By now, the basic elements of last week’s drama on Capitol Hill are widely known. House Speaker Mike Johnson reached a bipartisan agreement to prevent a government shutdown; Elon Musk and a variety of Republican officials balked; GOP officials started stripping measures from the legislation; and eventually a package worked its way to the White House before the deadline.
Of particular interest, however, were the federal investments in cancer research that Republicans removed from the agreement. Because we discussed this last week, it’s important to emphasize that one of the measures that was eliminated ended up becoming law anyway. The New York Times reported:
After a tumultuous few days, President Biden on Saturday signed into law a spending bill that had been heavily trimmed down to 120 pages from 1,547. It had lost provisions targeting hidden fees on concert tickets and criminalizing the publication of some deepfake pornography. But two of the measures that had been dropped from the final bill … were salvaged as separate bills and passed by the Senate.
This gets a little complicated, but bear with me.
There were several measures related to cancer research that House Republicans scrapped, including efforts to make it easier for low-income families to cross state lines for medically complex pediatric cancer treatments, as well as bills intended to encourage production of new pediatric cancer treatments.

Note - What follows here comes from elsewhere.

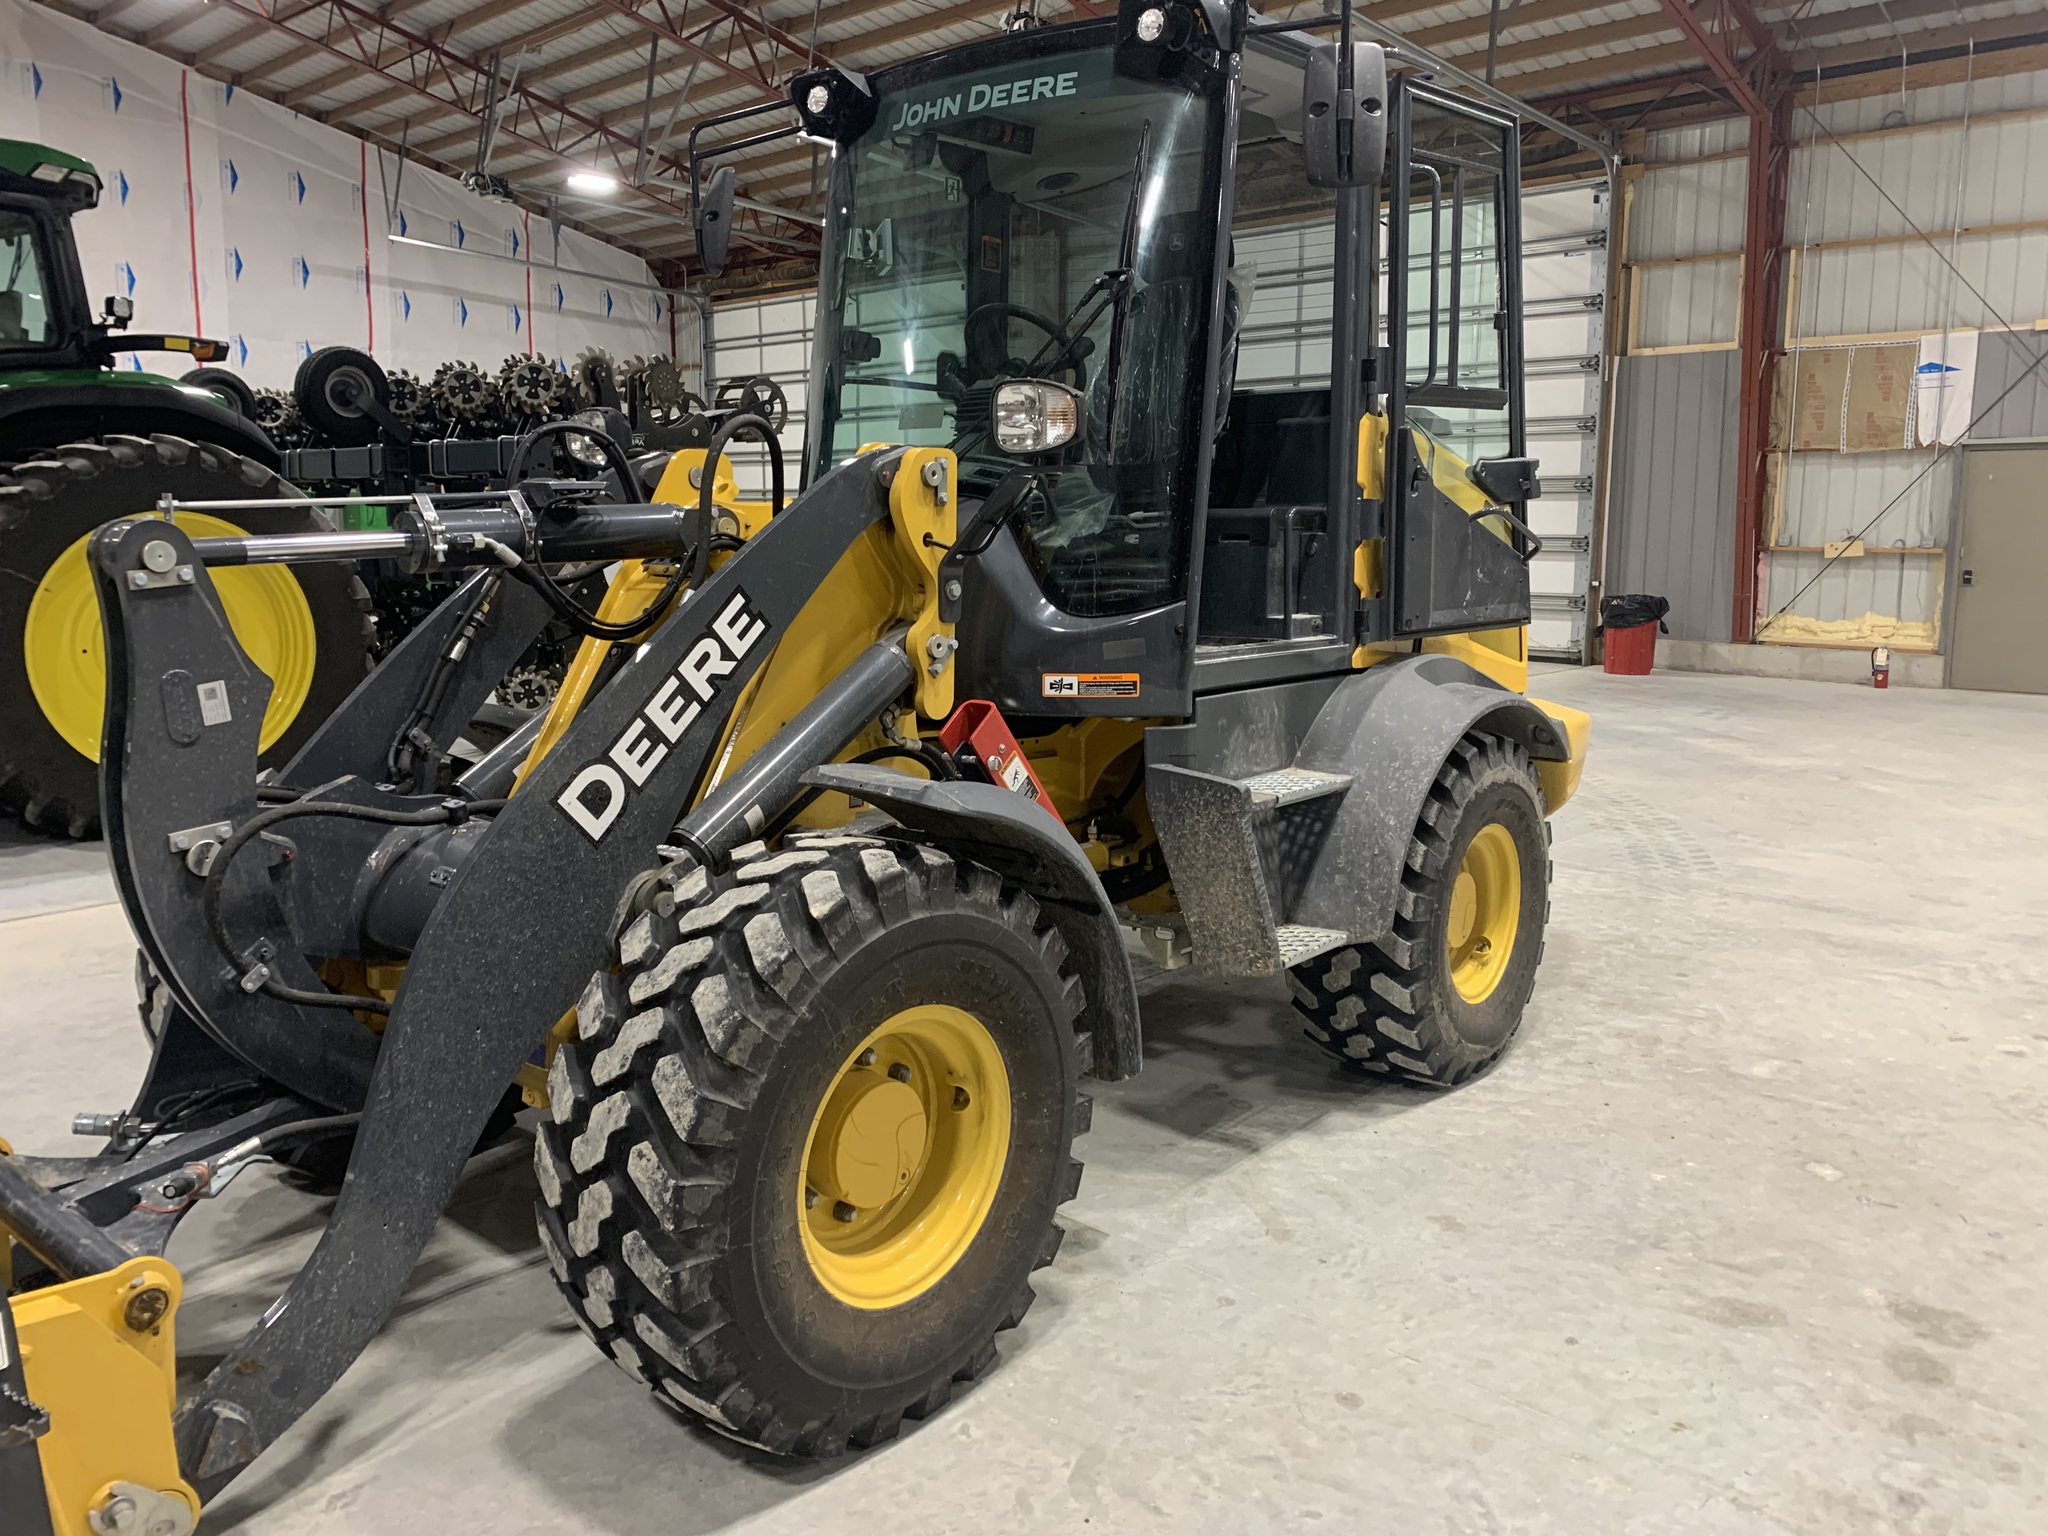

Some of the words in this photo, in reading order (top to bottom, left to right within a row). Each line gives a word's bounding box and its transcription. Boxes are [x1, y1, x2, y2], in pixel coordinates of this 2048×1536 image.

[892, 93, 962, 132] JOHN
[967, 71, 1079, 113] DEERE
[556, 592, 766, 842] DEERE

The Bulwark’s Sam Stein, an MSNBC contributor, also reported that GOP lawmakers ended funding for the Gabriella Miller Kids First Research Program — named after a 10-year-old Virginia girl who died from an inoperable brain tumor in 2013 — that helped to fund pediatric cancer research. The policy had long enjoyed bipartisan support, and since it was up for reauthorization this year, no one was especially surprised when it was included in the stopgap bill, ensuring that the program would continue for another decade.
When House Republicans took out their editing pens, however, the program was removed, too.
The bad news for health advocates is that nearly all of the measures related to cancer research could not be rescued before lawmakers wrapped up their work. The good news for health advocates is that Senate Democrats, taking advantage of the fact that the Gabriella Miller Kids First Research Program passed the House months earlier as a freestanding bill, successfully sought unanimous consent to save the policy and keep the initiative in place through 2031.
At this point, some readers are probably asking a good question: If the legislation already passed the lower chamber months earlier, why didn’t the Senate Democratic majority bring it to the floor earlier? Why blame House Republicans for killing a bill related to pediatric cancer research if the GOP-led House already advanced the program?
I’m afraid this is the complicated part. Because of the way the Senate operates, and the time it takes to pass anything through the upper chamber, the Senate generally avoids taking up relatively small, standalone policies. The calendar just won’t allow it. Members instead wait for larger spending packages and simply attach the smaller bills.